* [About this exercise]
Print the full set of records below, character for character and picture-free.

Data for processing section start

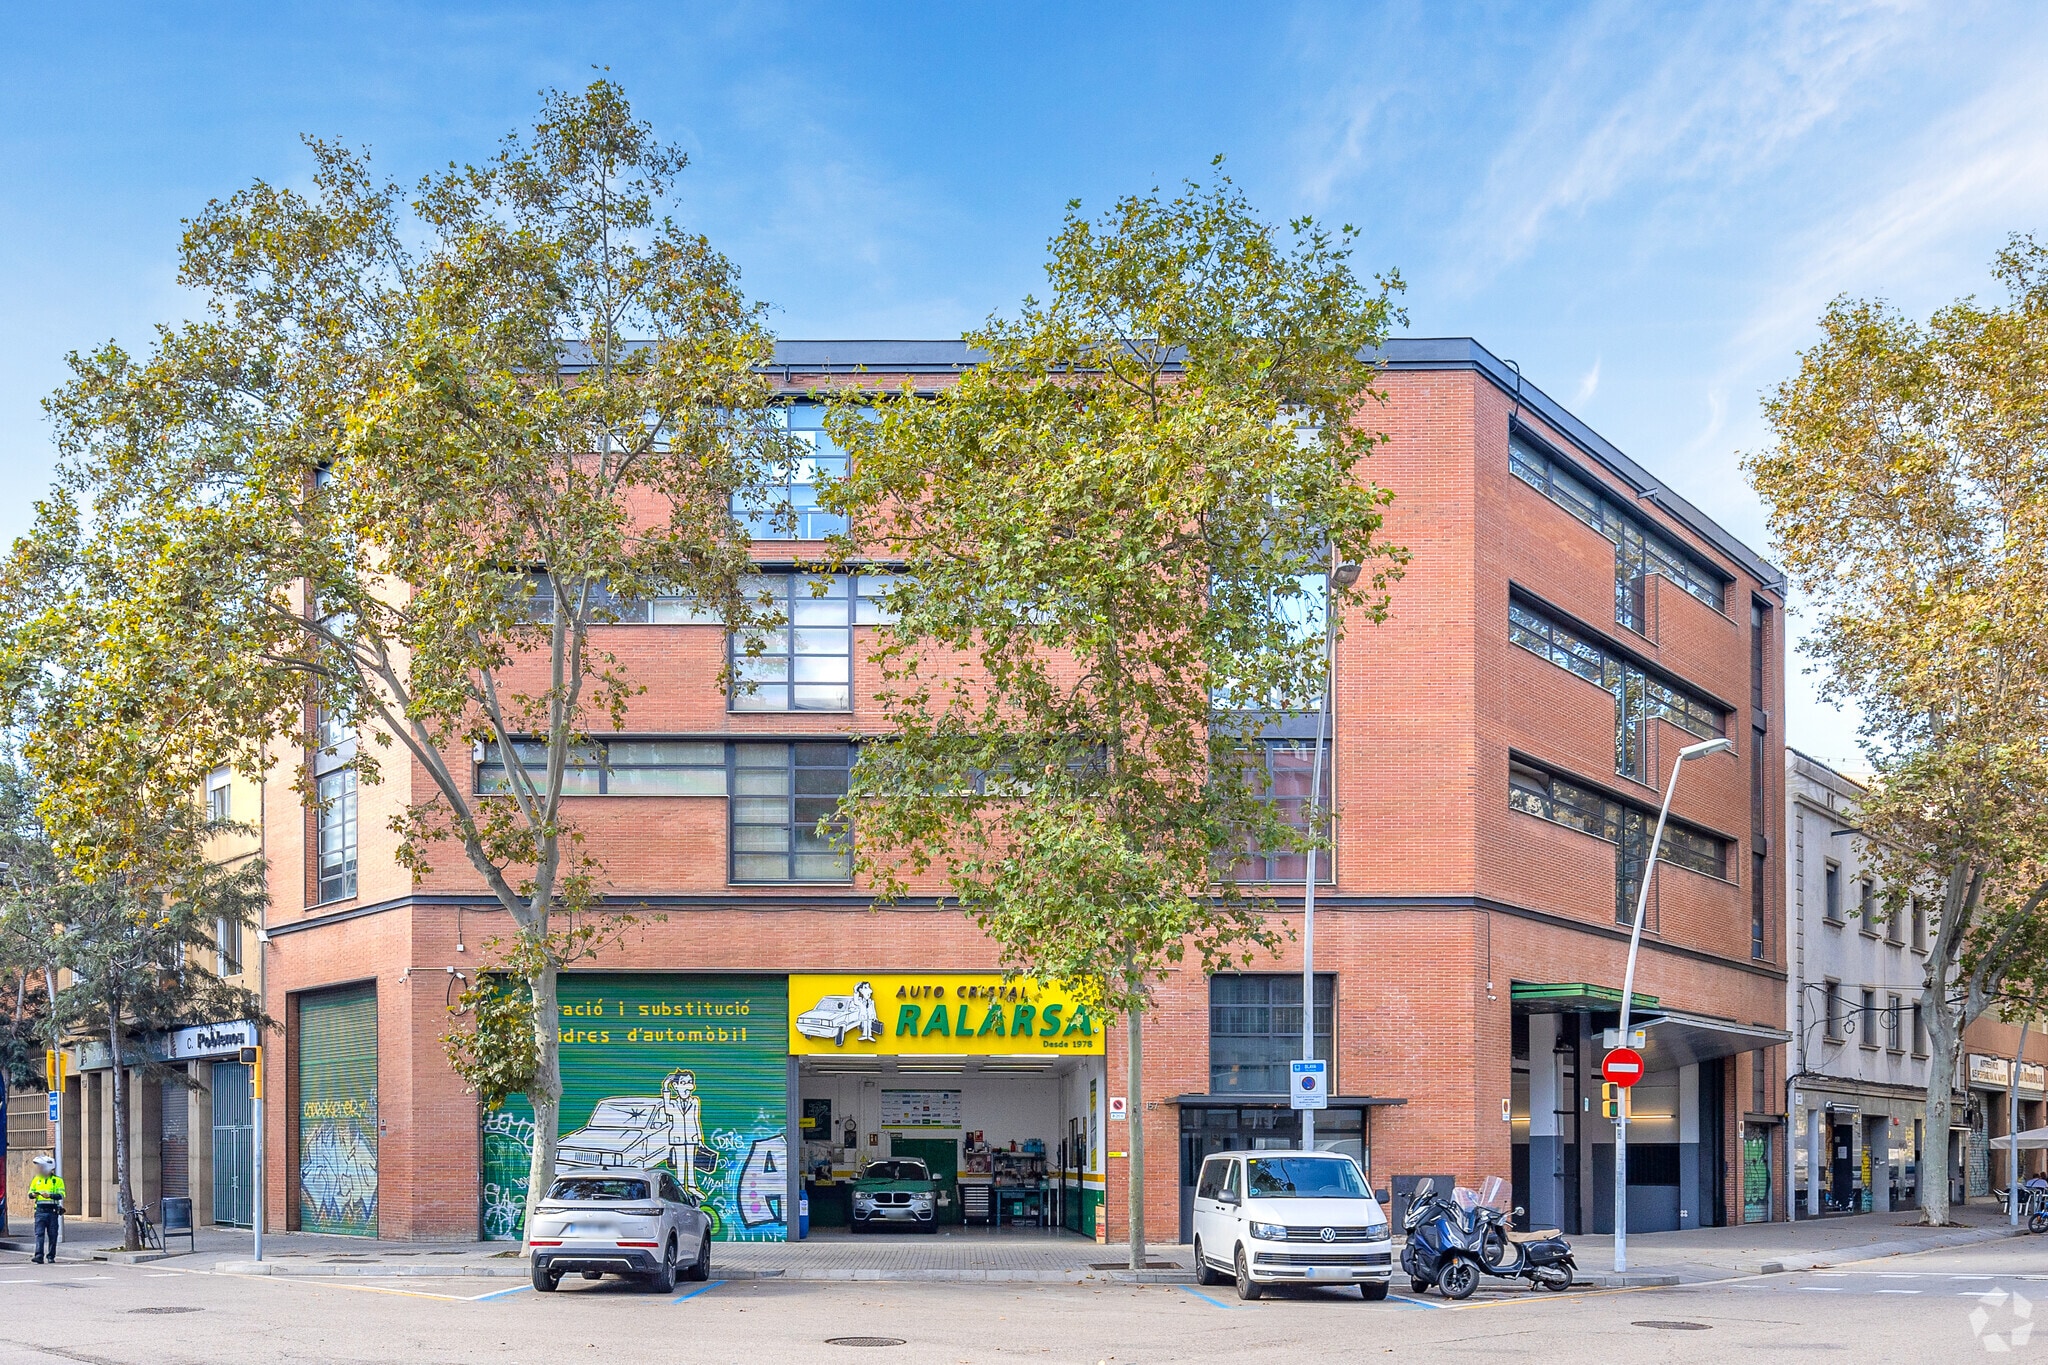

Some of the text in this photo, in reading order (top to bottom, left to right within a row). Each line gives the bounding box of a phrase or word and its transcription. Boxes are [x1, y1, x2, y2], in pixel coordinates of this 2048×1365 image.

[896, 985, 1027, 1000] AUTO CRISTAL
[557, 998, 750, 1017] ació i substitució
[896, 1004, 1093, 1038] RALARSA
[197, 1030, 246, 1050] Poblenou
[627, 1025, 747, 1042] d'automòbil
[1043, 1040, 1094, 1048] Desde 1978

Data for processing section end

* [Output for this task]
Some of the text in this photo, in reading order (top to bottom, left to right within a row). Each line gives the bounding box of a phrase or word and its transcription. Boxes are [x1, y1, x2, y2], in pixel coordinates of this 2048×1365 image.

[896, 985, 1027, 1000] AUTO CRISTAL
[557, 998, 750, 1017] ació i substitució
[896, 1004, 1093, 1038] RALARSA
[197, 1030, 246, 1050] Poblenou
[627, 1025, 747, 1042] d'automòbil
[1043, 1040, 1094, 1048] Desde 1978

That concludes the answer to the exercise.